> _What this task involves_
Word for word and without images, transcribe all of the records.

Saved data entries
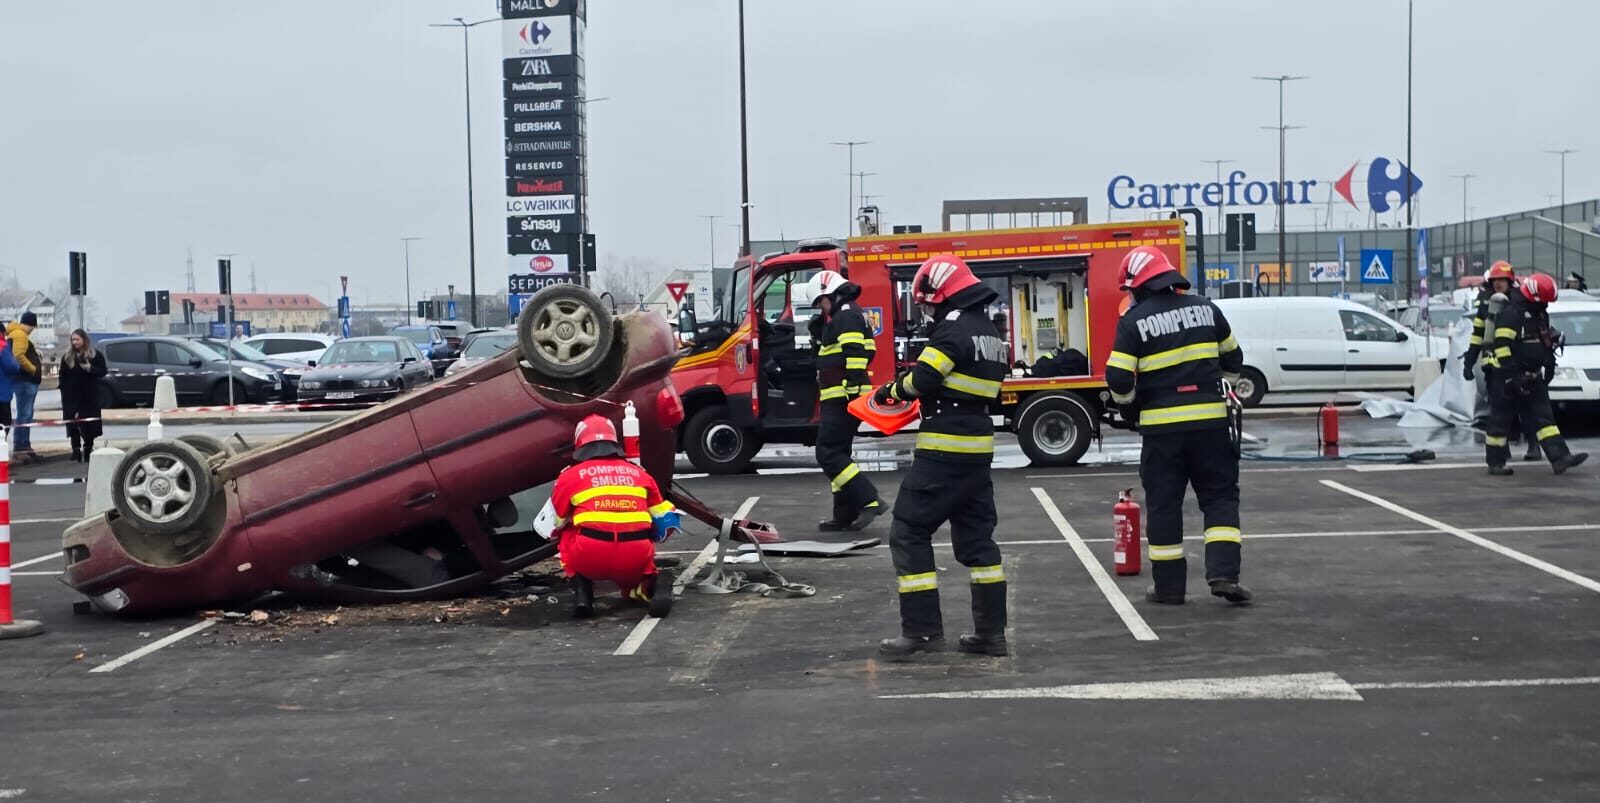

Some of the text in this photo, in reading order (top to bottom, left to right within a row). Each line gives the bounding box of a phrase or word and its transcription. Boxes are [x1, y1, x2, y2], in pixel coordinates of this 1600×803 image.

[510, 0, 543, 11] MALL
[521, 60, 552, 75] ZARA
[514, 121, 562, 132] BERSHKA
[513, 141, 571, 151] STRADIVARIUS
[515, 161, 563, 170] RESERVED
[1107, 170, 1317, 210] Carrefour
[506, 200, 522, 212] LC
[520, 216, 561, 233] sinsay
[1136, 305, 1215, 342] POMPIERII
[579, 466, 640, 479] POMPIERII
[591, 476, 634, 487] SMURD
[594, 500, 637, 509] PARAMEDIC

> _Solution_
Some of the text in this photo, in reading order (top to bottom, left to right within a row). Each line gives the bounding box of a phrase or word and its transcription. Boxes are [x1, y1, x2, y2], in pixel coordinates of this 1600×803 image.

[510, 0, 543, 11] MALL
[521, 60, 552, 75] ZARA
[514, 121, 562, 132] BERSHKA
[513, 141, 571, 151] STRADIVARIUS
[515, 161, 563, 170] RESERVED
[1107, 170, 1317, 210] Carrefour
[506, 200, 522, 212] LC
[520, 216, 561, 233] sinsay
[1136, 305, 1215, 342] POMPIERII
[579, 466, 640, 479] POMPIERII
[591, 476, 634, 487] SMURD
[594, 500, 637, 509] PARAMEDIC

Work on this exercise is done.